The best things in life really can’t be bought.

I learned that God cares about little things. Like when I craved mangos in my weight loss shakes, but couldn’t afford them. I prayed for them and was given a whole flat that were on the verge of being too ripe. I cut those mangos up, froze them, and enjoyed them in my shakes for weeks!

My journey has not been as intense as others. A friend of mine went without food for some time as did her son. Both left the bag of a few cookies on the counter for the other to eat, choosing hunger over taking the last bit of food. I haven’t been hungry like that. But my own journey was significant for me. I fought hard to find joy and to rise above the broken things and broken places in my home and in my heart. Sometimes I cried. Many times I found victory after the tears.

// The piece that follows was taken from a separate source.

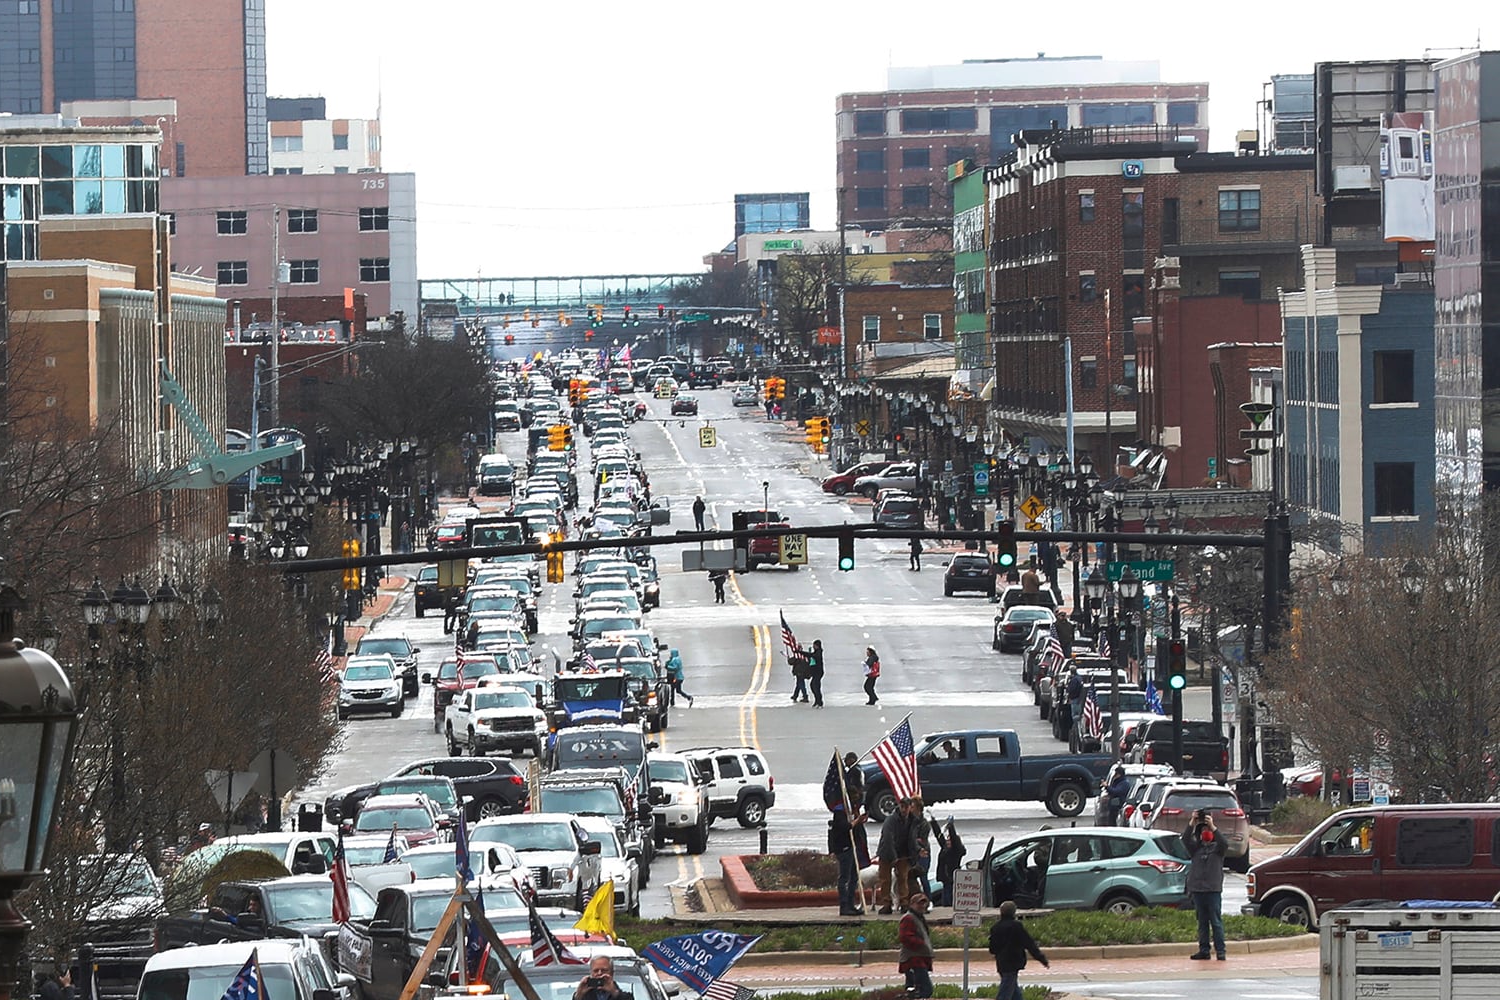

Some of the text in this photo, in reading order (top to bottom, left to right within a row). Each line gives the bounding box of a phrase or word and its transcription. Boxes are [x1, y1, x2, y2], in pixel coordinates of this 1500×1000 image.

[362, 178, 385, 190] 735
[785, 543, 803, 551] WAY
[1158, 562, 1171, 571] Ave
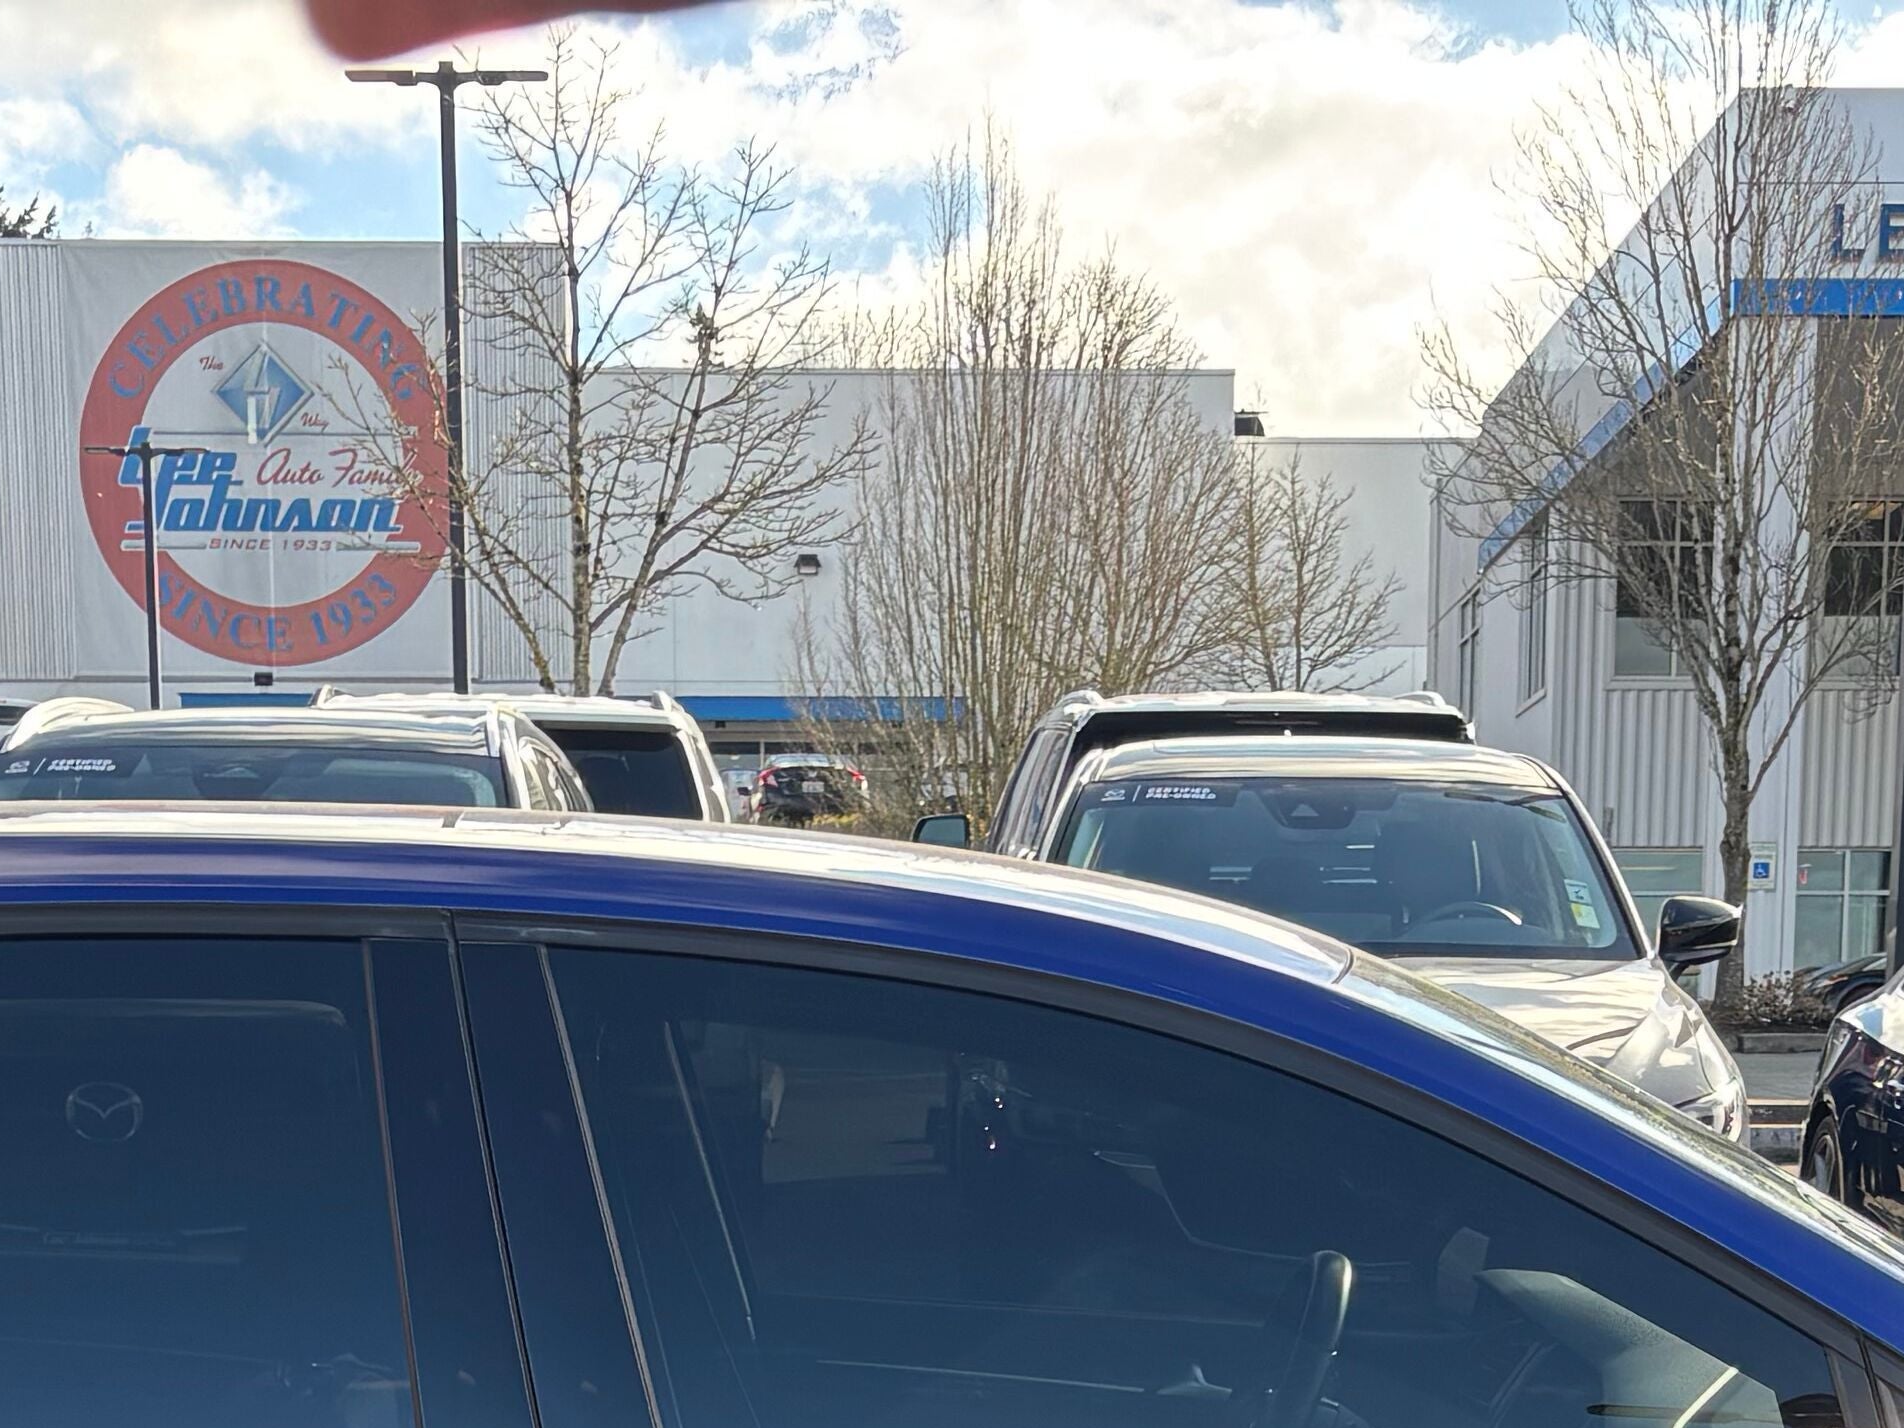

As we’ve worked together in my home I’ve learned new skills like caulking, painting, and using a power tool. This knowledge also helps me rise above my circumstances to create the beauty I crave in my home.

Today I am grateful.

For the lessons learned.

For feeling like I can breathe.

For the fact that I shopped for tomorrow’s Thanksgiving meal without worrying if I would be able to pay for what I need.

I’m grateful for a new fence, new carpet, painted walls, working burners, shelves, and oven fronts. For a new-to-me couch and end tables. For pillows a friend and I sewed that spruced up furniture I already had. For new dish clothes and new shoes.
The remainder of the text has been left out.